### DATA SECTION
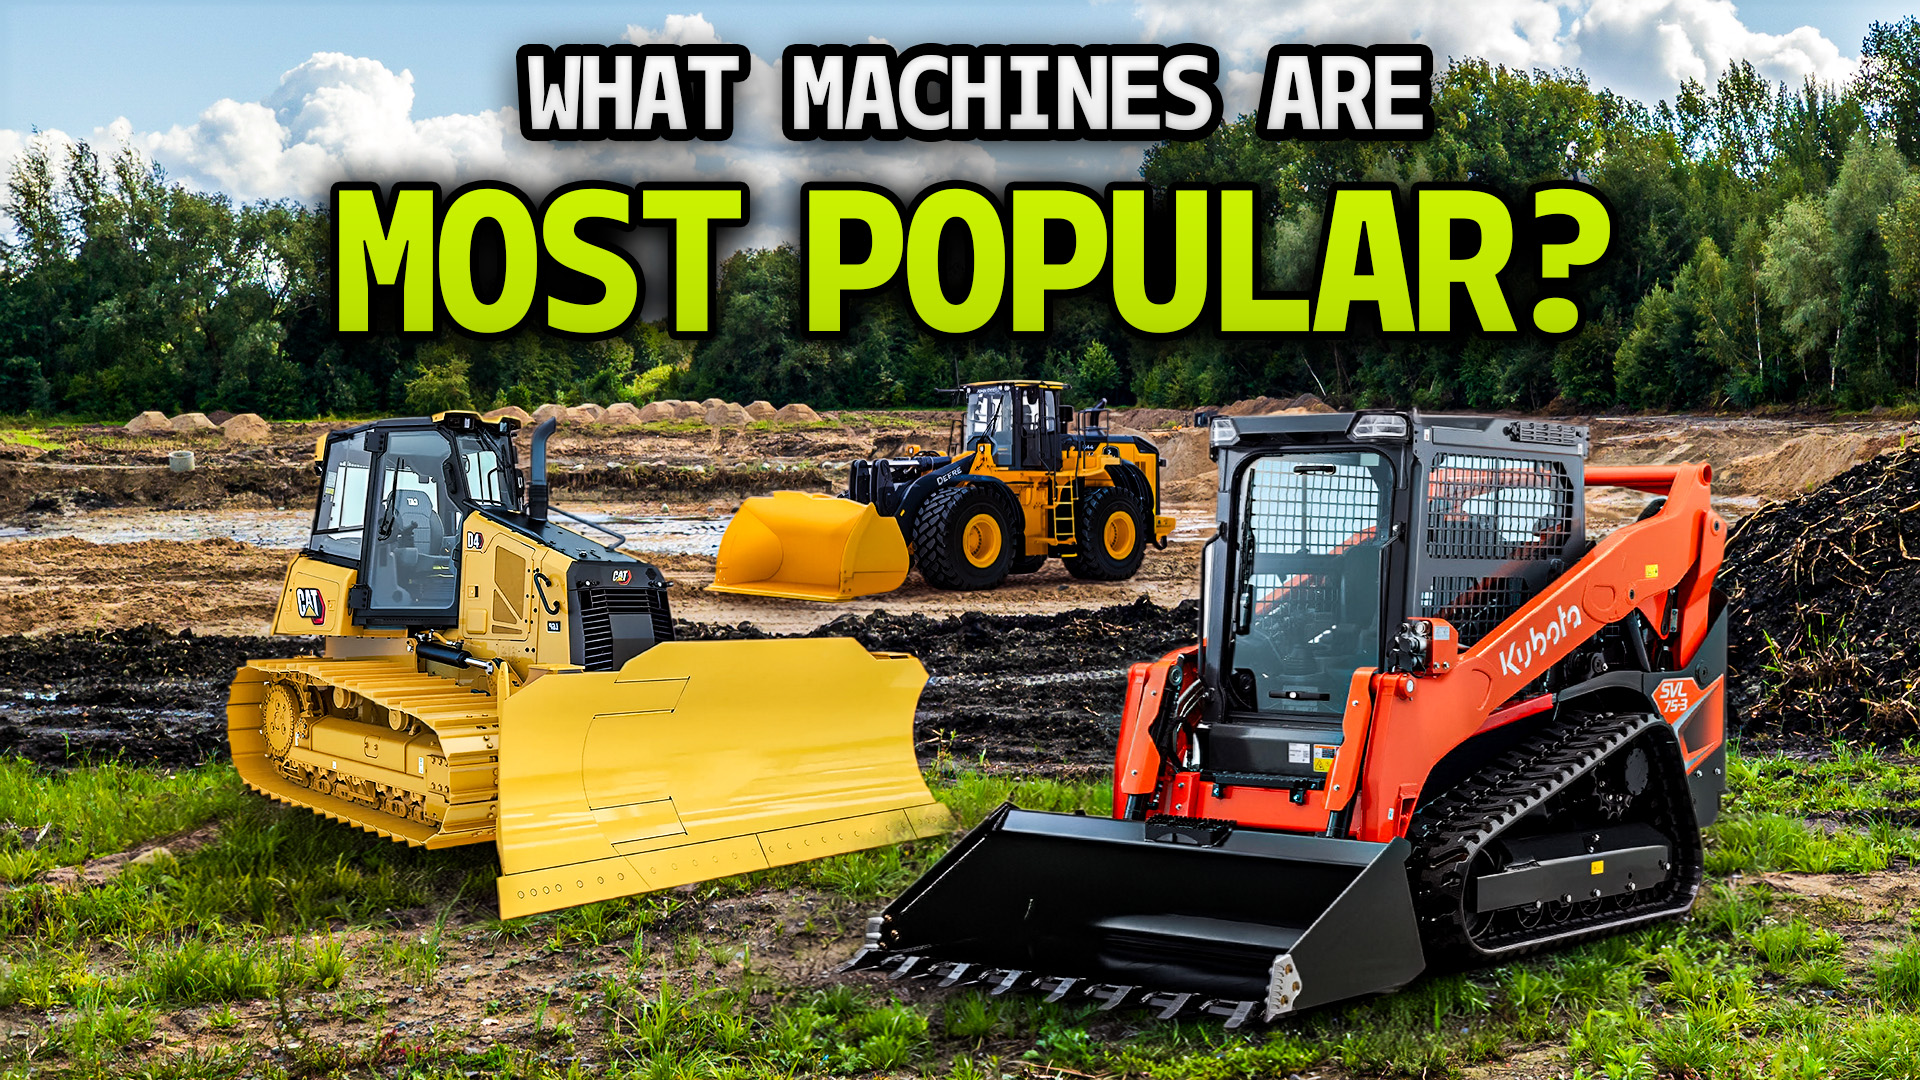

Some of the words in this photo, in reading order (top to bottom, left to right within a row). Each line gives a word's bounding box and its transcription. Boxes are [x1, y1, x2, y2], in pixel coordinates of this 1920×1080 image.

[467, 532, 480, 549] D4
[612, 569, 628, 582] CAT
[296, 588, 319, 617] CAT
[1499, 604, 1582, 676] Kubota
[1659, 681, 1688, 699] SVL
[1664, 698, 1688, 713] 75-3

### TASK
Output the listing exactly, without images.

### RESPONSE
Some of the words in this photo, in reading order (top to bottom, left to right within a row). Each line gives a word's bounding box and its transcription. Boxes are [x1, y1, x2, y2], in pixel coordinates of this 1920×1080 image.

[467, 532, 480, 549] D4
[612, 569, 628, 582] CAT
[296, 588, 319, 617] CAT
[1499, 604, 1582, 676] Kubota
[1659, 681, 1688, 699] SVL
[1664, 698, 1688, 713] 75-3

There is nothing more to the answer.